Arisebank appears to have been an earnest project with naive founders; no money was stolen and all funds are now in receivership.
Pincoin, which defrauded Vietnamese investors of $660 Mln, is the only one which really qualifies as malicious, intentional fraud.
To erroneously declare one ICO a scam might be unfortunate… to declare two, smacks of carelessness.
“Outside these three projects, Identified Scams got away with just $30M in fundraising (or ~0.3% of all time ICO fundraising),” the study says, which the authors attribute to investors who are “relatively adept at discovering scams and adding them to lists.”
Leaving aside the semantics of the word “scam,” $8.2 Bn went to “Successful” offerings, which went on to trade on exchanges and have continuous GitHub Activity.
“This is a very positive story and a direct contrast to the outcome when you look at the percentage of Successful and Scam projects on a per numbers basis,” the authors state. Somehow, this part of the story got omitted from the mainstream narrative.
Neglected Fact No. 2. Most Coin Offerings Did Pretty Well
If your portfolio’s full of ERC-20’s, you probably missed out on a lot of potential gains. According to the Statis study, most of the market cap is in coins.
It’s a tough distinction, considering how often the phrase “ICO” actually refers to tokens. “Coins” refer to independent blockchains, like Bitcoin or Ethereum. Tokens are the one-off projects that rely on them. Considering the fact that it takes under an hour to make an ERC-20 token and start trading, it’s no surprise that the token economy has a lower bar to entry–and thus, more competition.
“Although half of all cryptoassets are classified as tokens (built on other platform networks), nearly 90% of the value resides in coins,” the authors report.
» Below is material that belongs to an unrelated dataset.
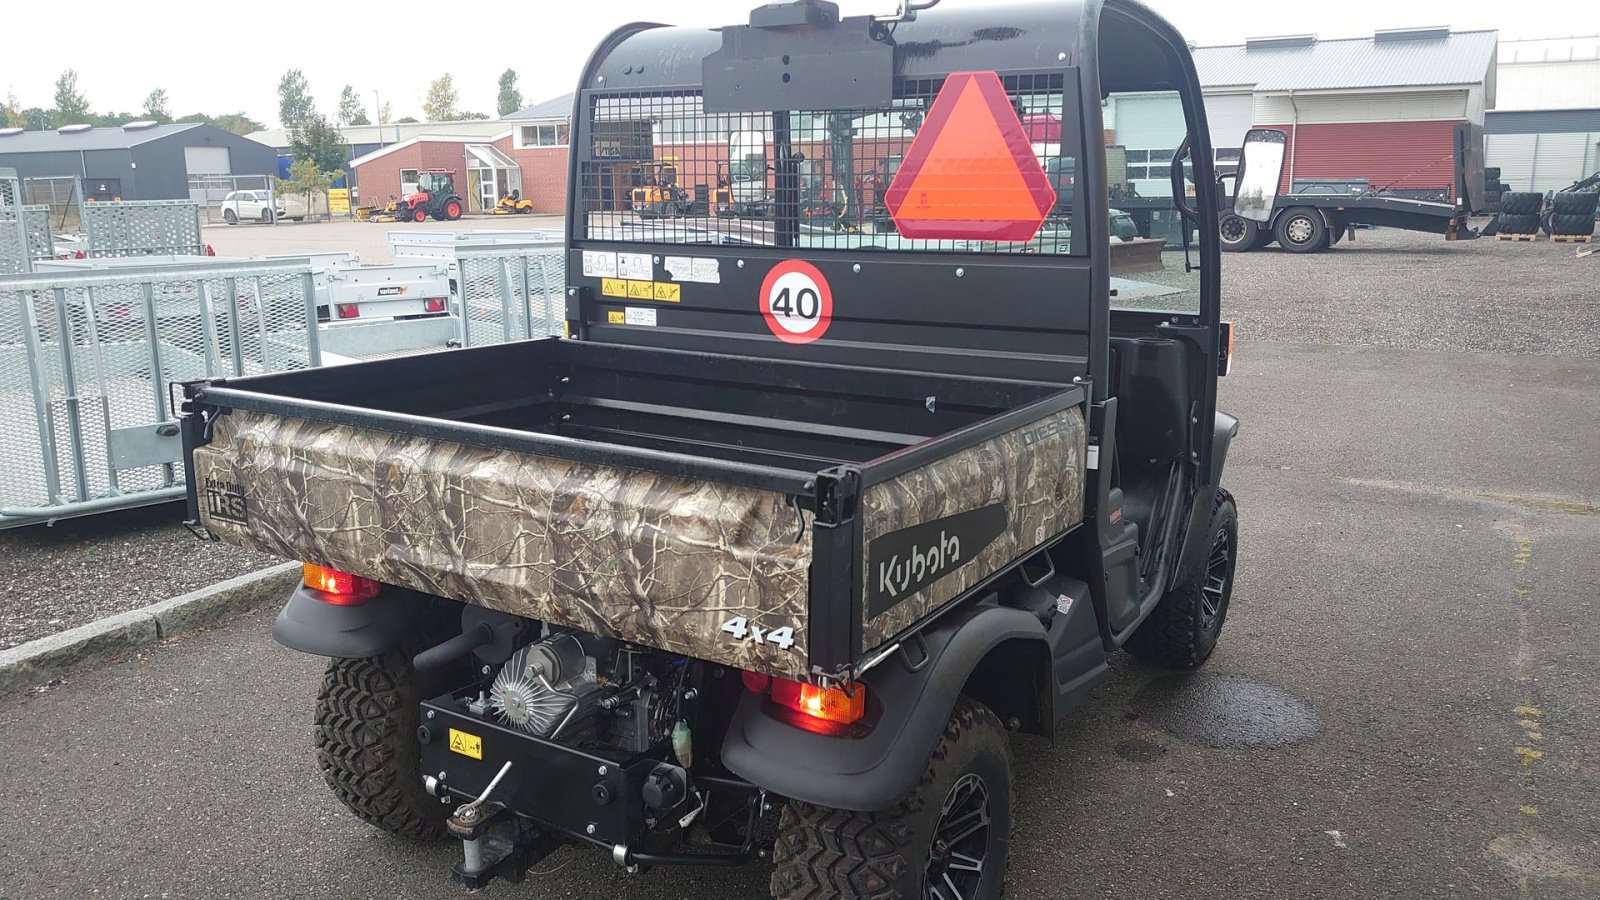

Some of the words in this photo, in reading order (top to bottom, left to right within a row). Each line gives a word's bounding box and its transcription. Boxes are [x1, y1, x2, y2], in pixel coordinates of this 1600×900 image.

Moreover, “the median platform network [e.g. blockchain] trades at ~4x the total value of the overlying tokens built on it.”
Neglected Fact No. 3. There’s A Reason Crypto Has High Payouts
Returning to the Boston College study, there are good reasons why ICOs pay out so well.
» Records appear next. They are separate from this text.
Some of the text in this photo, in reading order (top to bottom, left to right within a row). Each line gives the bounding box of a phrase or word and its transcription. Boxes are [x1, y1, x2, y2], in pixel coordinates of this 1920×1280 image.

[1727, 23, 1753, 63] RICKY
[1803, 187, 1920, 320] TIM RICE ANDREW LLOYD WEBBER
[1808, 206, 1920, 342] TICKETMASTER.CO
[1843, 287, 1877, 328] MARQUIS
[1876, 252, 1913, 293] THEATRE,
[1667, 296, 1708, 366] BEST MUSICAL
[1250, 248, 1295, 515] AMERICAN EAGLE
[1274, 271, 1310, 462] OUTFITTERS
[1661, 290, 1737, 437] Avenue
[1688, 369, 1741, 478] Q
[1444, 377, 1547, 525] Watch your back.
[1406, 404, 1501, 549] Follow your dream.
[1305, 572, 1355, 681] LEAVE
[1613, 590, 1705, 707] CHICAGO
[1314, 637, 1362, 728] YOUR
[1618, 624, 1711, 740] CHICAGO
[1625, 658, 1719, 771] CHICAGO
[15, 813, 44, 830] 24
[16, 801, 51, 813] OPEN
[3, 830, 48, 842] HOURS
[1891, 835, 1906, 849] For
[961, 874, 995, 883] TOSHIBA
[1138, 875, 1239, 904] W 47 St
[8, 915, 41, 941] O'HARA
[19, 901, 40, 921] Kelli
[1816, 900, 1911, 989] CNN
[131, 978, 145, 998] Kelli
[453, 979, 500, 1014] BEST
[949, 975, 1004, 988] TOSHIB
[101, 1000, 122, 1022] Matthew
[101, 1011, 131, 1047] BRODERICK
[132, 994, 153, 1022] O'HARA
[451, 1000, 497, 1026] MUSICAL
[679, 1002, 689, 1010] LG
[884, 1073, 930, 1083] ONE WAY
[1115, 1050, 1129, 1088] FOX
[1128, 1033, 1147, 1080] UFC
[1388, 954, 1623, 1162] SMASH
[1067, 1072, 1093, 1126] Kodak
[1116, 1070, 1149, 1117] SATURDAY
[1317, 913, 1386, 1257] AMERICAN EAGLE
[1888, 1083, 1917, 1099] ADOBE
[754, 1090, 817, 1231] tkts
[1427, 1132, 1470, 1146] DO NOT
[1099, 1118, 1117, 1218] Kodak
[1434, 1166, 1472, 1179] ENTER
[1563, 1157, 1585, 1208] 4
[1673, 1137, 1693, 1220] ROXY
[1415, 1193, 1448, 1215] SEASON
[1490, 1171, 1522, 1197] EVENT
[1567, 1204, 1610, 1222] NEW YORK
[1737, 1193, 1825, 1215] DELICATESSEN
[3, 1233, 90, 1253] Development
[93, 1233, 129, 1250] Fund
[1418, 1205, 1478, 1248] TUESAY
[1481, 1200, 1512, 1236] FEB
That explanation has to do with risk. While high returns can signify overpricing, the scholars found ICO returns were “consistent with high compensation for risk for investing in unproven pre-revenue platforms through unregulated offering.” If you take on more risk, you chance a higher reward.
Compared to the 90% of tech startups that fail, ICO mortality doesn’t look quite so bad.
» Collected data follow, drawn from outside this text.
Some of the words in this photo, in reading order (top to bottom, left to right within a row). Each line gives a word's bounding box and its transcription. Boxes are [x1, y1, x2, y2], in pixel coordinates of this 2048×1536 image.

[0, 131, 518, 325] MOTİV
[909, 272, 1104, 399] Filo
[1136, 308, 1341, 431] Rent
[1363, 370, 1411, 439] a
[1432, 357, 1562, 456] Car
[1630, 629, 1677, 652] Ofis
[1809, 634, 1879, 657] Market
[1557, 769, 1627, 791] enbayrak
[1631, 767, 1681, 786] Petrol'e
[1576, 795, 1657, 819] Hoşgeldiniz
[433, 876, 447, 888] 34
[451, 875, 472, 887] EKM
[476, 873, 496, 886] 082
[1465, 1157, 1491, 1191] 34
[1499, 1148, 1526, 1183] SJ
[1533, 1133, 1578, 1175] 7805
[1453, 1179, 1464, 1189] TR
One could interpret that to mean that crypto is a giant casino—or it could be that, because crypto is so unregulated, so untested, and so risky, that the only way for legitimate projects to compete for investment is by offering oversized returns.
“Scams, while plentiful in number, are not as important in terms of stolen capital because investors are shrewd enough to spot (and underfund) them,” the Boston College scholars write, concluding that “while regulators should continue to deter fraudulent activities, they need to be careful not to throw out the baby with the bathwater.”
If that conclusion is accurate, it might give is an idea what to expect from a better-regulated—and better enforced—crypto marketplace. If regulation can eliminate the scams, it could also lower the market’s temperature.
And the other conclusion to be drawn from the selective use of statistics to prove a point, as Bloomberg and its cohorts have done again, is that statistics don’t lie. People do.
The author has investments in Bitcoin and Ethereum.